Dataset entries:
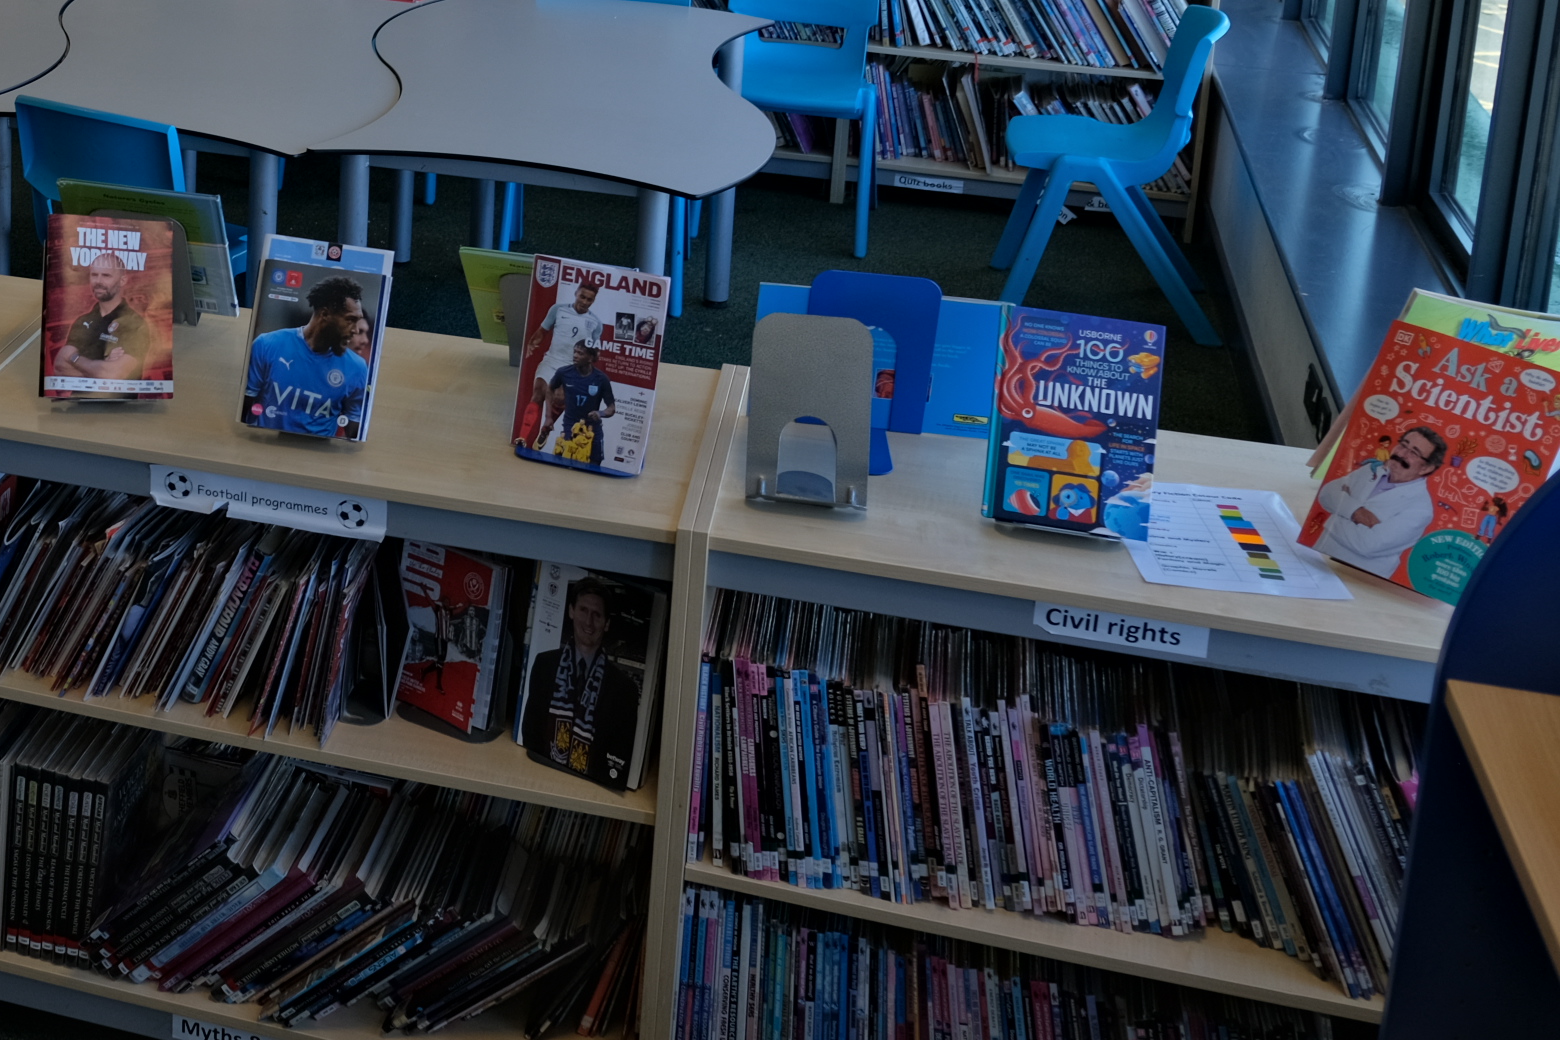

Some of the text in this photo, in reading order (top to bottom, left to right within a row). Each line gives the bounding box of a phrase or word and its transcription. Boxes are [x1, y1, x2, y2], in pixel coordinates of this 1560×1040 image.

[923, 180, 953, 190] books
[103, 193, 166, 206] Nature's Cycles
[77, 227, 141, 251] THE NEW
[561, 265, 662, 299] ENGLAND
[571, 326, 579, 338] 9
[1079, 329, 1122, 342] USBORNE
[584, 338, 621, 354] GAME
[623, 345, 655, 361] TIME
[1076, 340, 1124, 363] 100
[1066, 366, 1130, 381] KNOW ABOUT
[1074, 359, 1123, 372] THINGS TO
[1432, 348, 1517, 397] Ask a
[1087, 376, 1108, 388] THE
[273, 381, 333, 419] VITA
[575, 394, 588, 407] 17
[1038, 380, 1153, 421] UNKNOWN
[1390, 361, 1543, 442] Scientist
[197, 484, 328, 515] Football programmes
[1046, 608, 1181, 646] Civil rights
[944, 732, 952, 748] THE
[945, 749, 956, 789] ABOLITION
[965, 719, 981, 810] TALK ABOUT Youth Crime
[950, 790, 957, 798] OF
[1045, 759, 1061, 824] WORLD HEALTH
[952, 818, 961, 841] SLAVE
[955, 843, 964, 865] TRADE
[721, 975, 729, 1015] CONSERVING
[730, 972, 738, 1002] EARTH'S
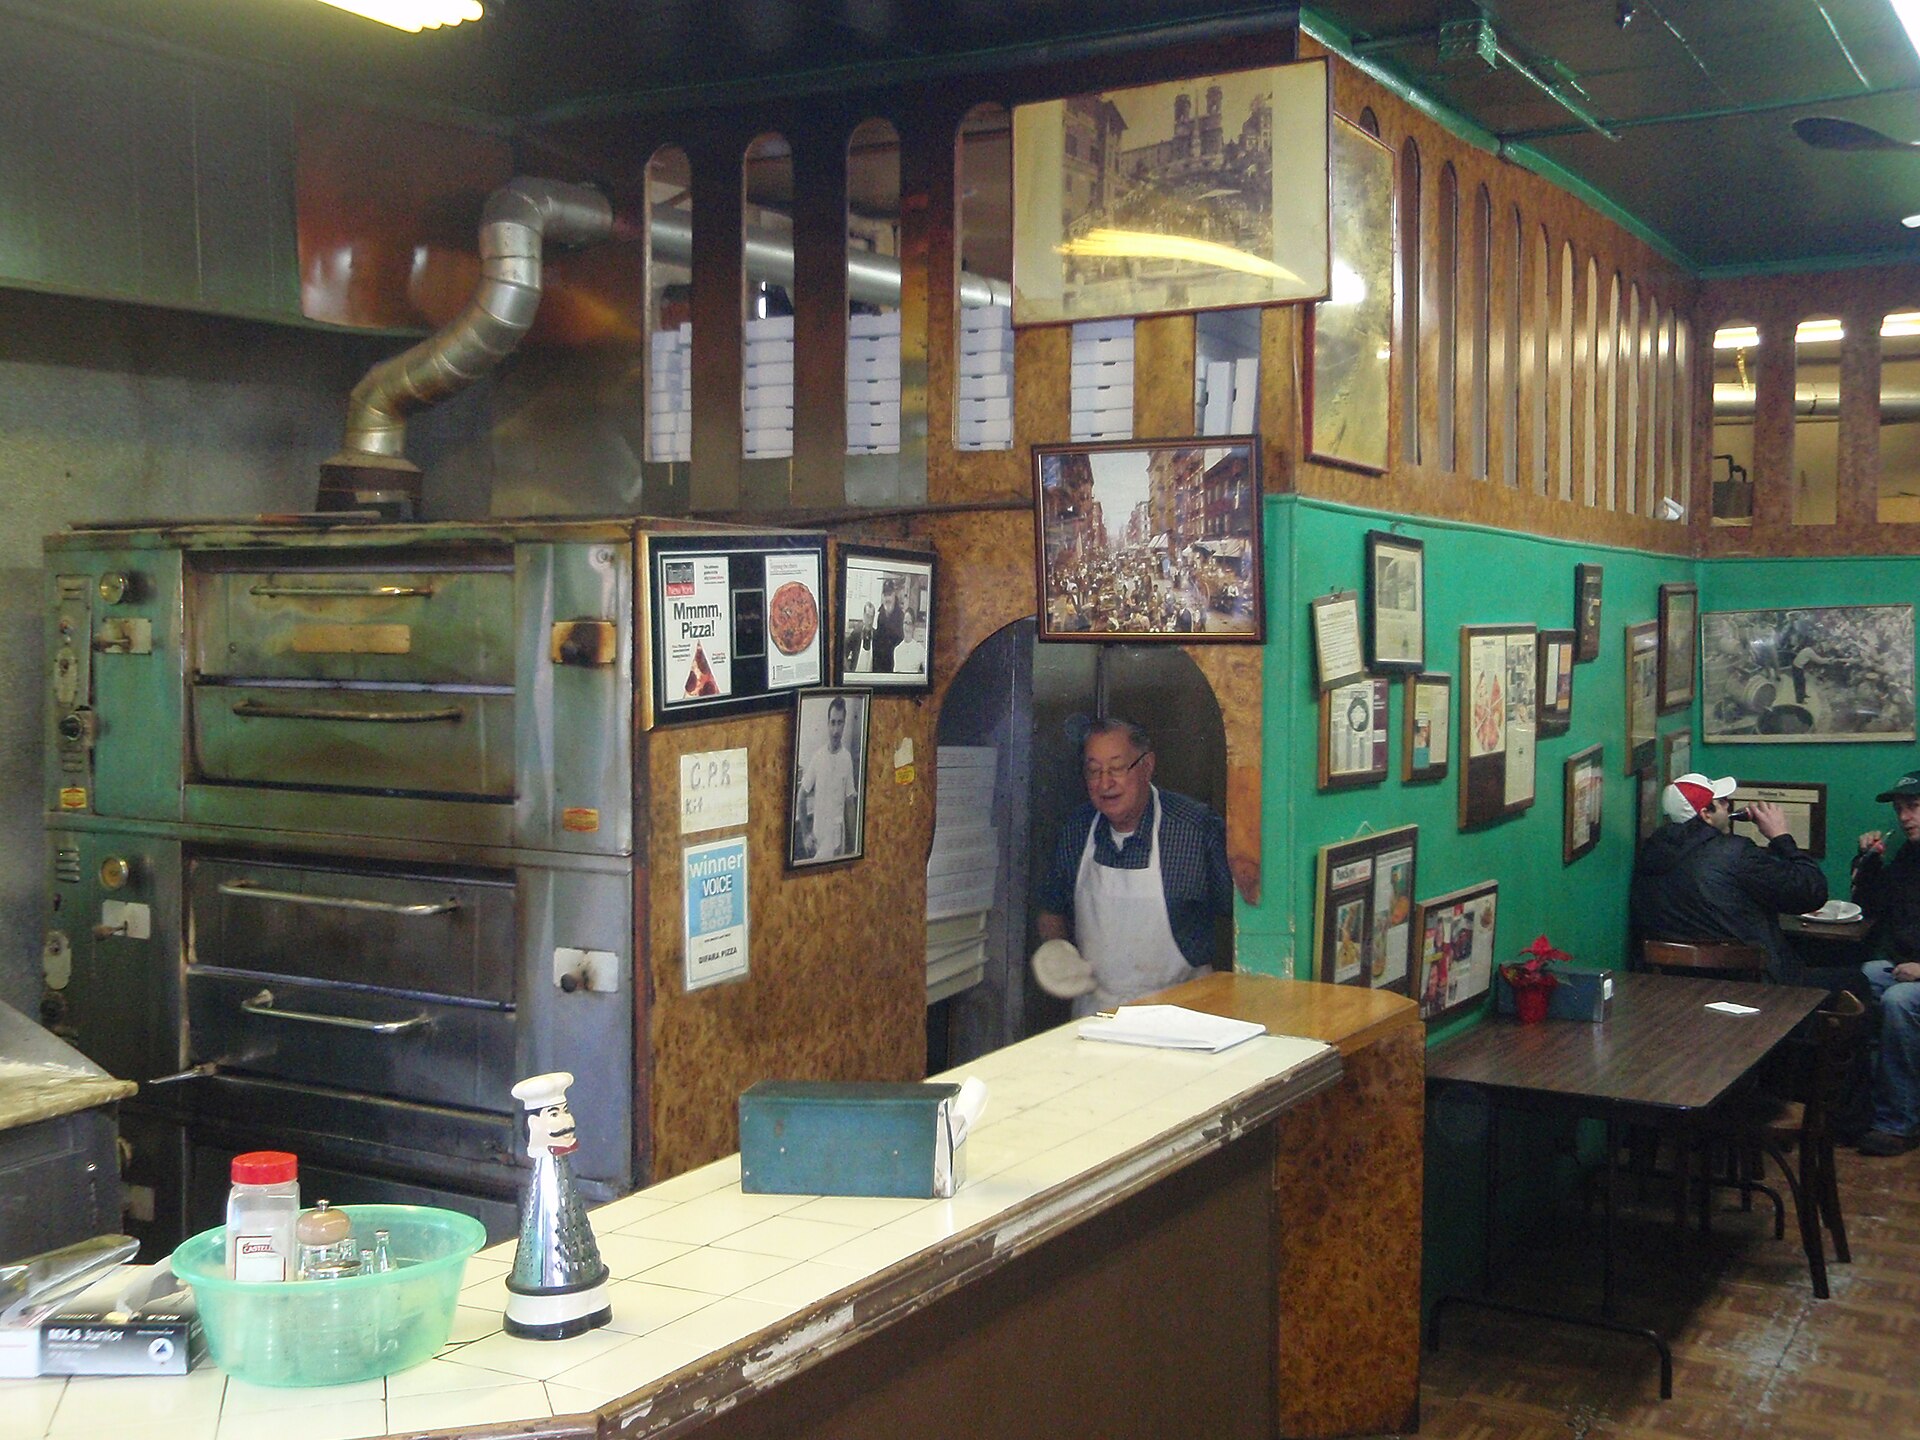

** Your instructions **
Each entry above is to be restated exactly, without its images.

** Answer below **
Some of the text in this photo, in reading order (top to bottom, left to right within a row). Each line gives the bounding box of a phrase or word and its transcription. Boxes are [x1, y1, x2, y2], in pixel coordinates of this 1560×1040 image.

[923, 180, 953, 190] books
[103, 193, 166, 206] Nature's Cycles
[77, 227, 141, 251] THE NEW
[561, 265, 662, 299] ENGLAND
[571, 326, 579, 338] 9
[1079, 329, 1122, 342] USBORNE
[584, 338, 621, 354] GAME
[623, 345, 655, 361] TIME
[1076, 340, 1124, 363] 100
[1066, 366, 1130, 381] KNOW ABOUT
[1074, 359, 1123, 372] THINGS TO
[1432, 348, 1517, 397] Ask a
[1087, 376, 1108, 388] THE
[273, 381, 333, 419] VITA
[575, 394, 588, 407] 17
[1038, 380, 1153, 421] UNKNOWN
[1390, 361, 1543, 442] Scientist
[197, 484, 328, 515] Football programmes
[1046, 608, 1181, 646] Civil rights
[944, 732, 952, 748] THE
[945, 749, 956, 789] ABOLITION
[965, 719, 981, 810] TALK ABOUT Youth Crime
[950, 790, 957, 798] OF
[1045, 759, 1061, 824] WORLD HEALTH
[952, 818, 961, 841] SLAVE
[955, 843, 964, 865] TRADE
[721, 975, 729, 1015] CONSERVING
[730, 972, 738, 1002] EARTH'S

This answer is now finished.